Not St Patrick’s Day

Strange this St Patrick’s Day not to be in Ireland.  I would have preferred to be in Washington listening to President O’Bama discussing his Irish roots.  But instead I was on Cumbrae in the College of the Holy Spirit passing the time with our Faith and Order Board.

Cumbrae is an extraordinary place – ten minutes on the ferry from Largs.  The College sits beside the Cathedral of the Isles.  Both are gems of Butterfield’s architecture built in 1851.  Our small church has great difficulty sustaining them.  But it’s hard to walk away from such treasures.  Go and take a look if you can.
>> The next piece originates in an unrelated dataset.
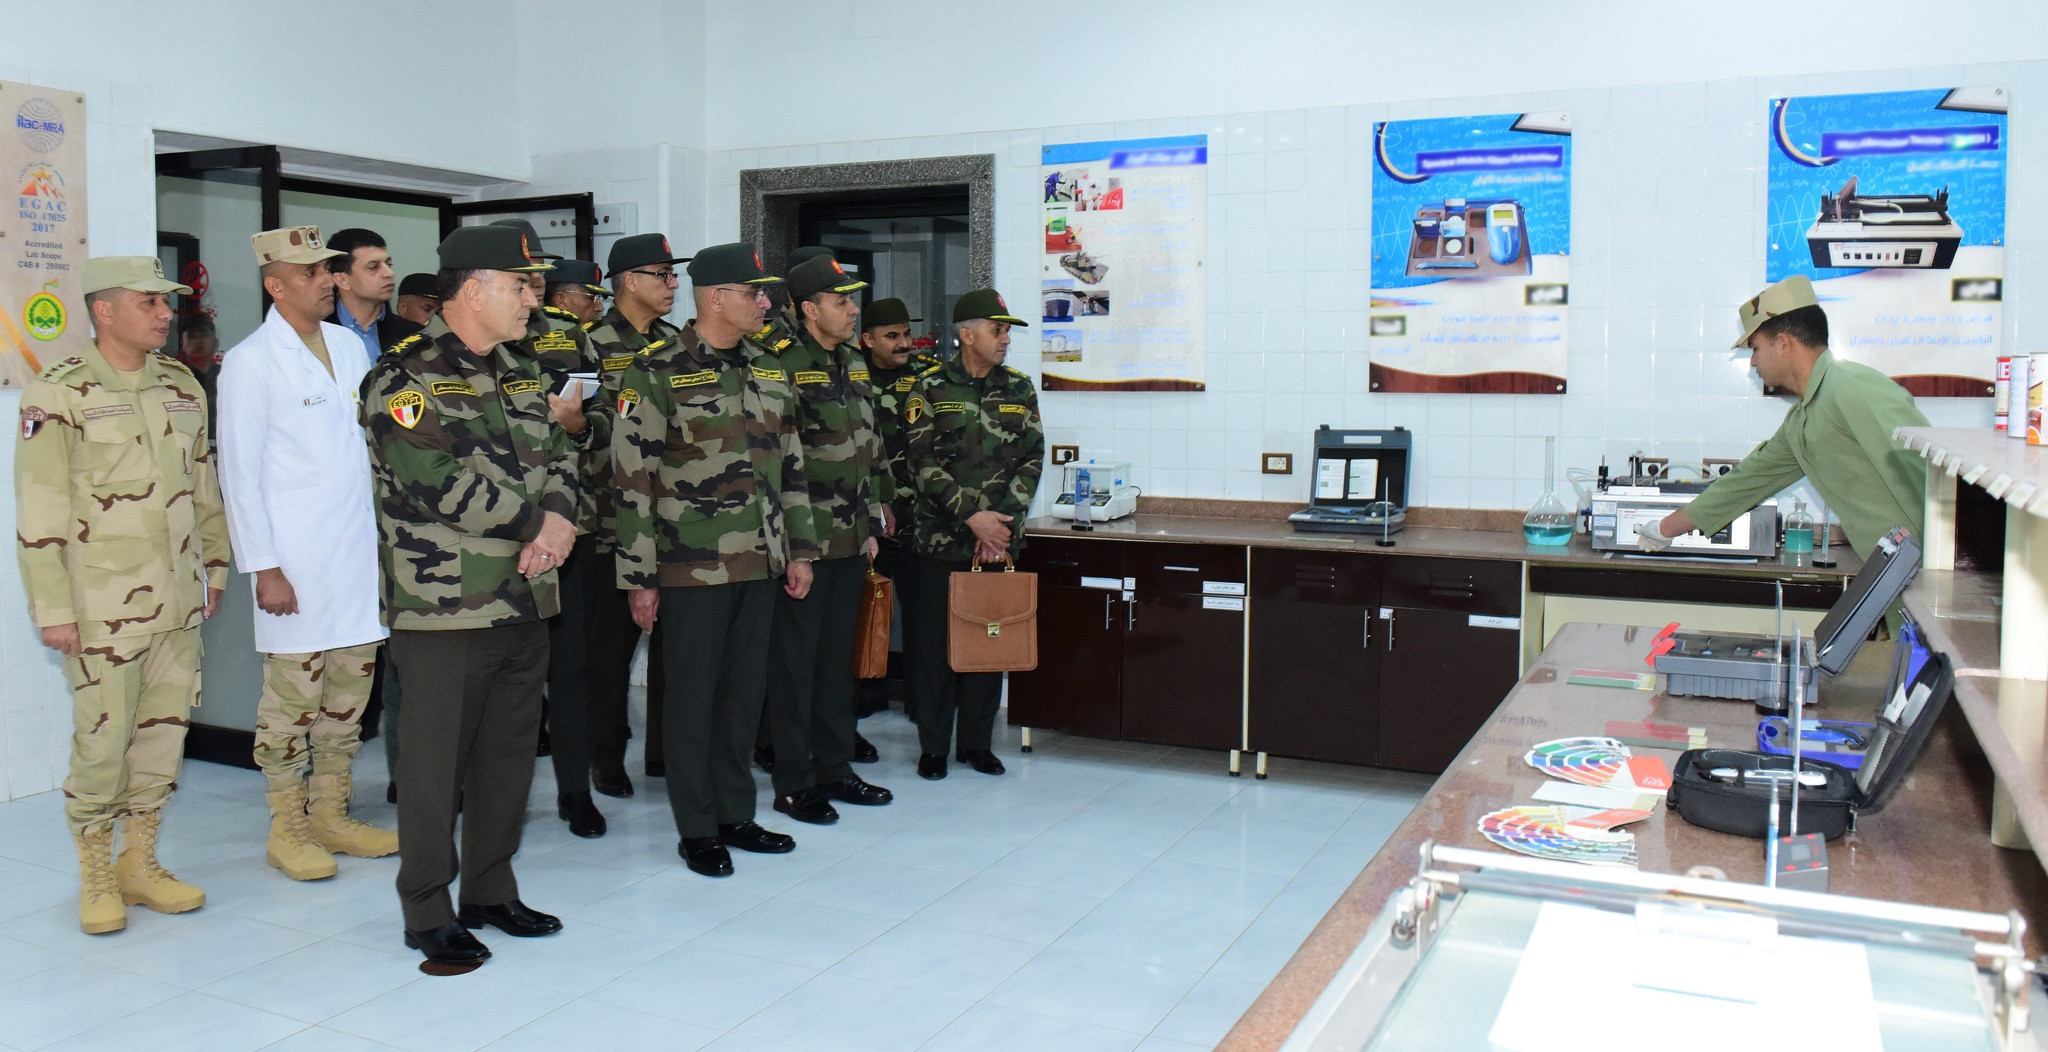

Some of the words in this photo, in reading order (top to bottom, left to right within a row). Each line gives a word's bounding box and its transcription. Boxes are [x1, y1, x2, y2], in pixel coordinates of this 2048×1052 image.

For reasons too complicated to explain, I was staying in a guest house overlooking the shipping channel.  So I sat in the window of my room this morning dealing with my e mail.  As Liaison Bishop for Mission to Seafarers in Scotland, I was able to send an e mail to our Chaplain reporting that shipping on the Clyde is far from dead – four ships in an hour.

3 comments

  1. There was a woman in Larne, who was a native of Cumbrae, who first told me about that prayer. The late John Paterson thought it hilarious – from the particular to the universal.

  2. Did you maintain the tradition there of offering prayer for “the islands of Great and Little Cumbrae and the adjacent islands of Great Britain and Ireland”?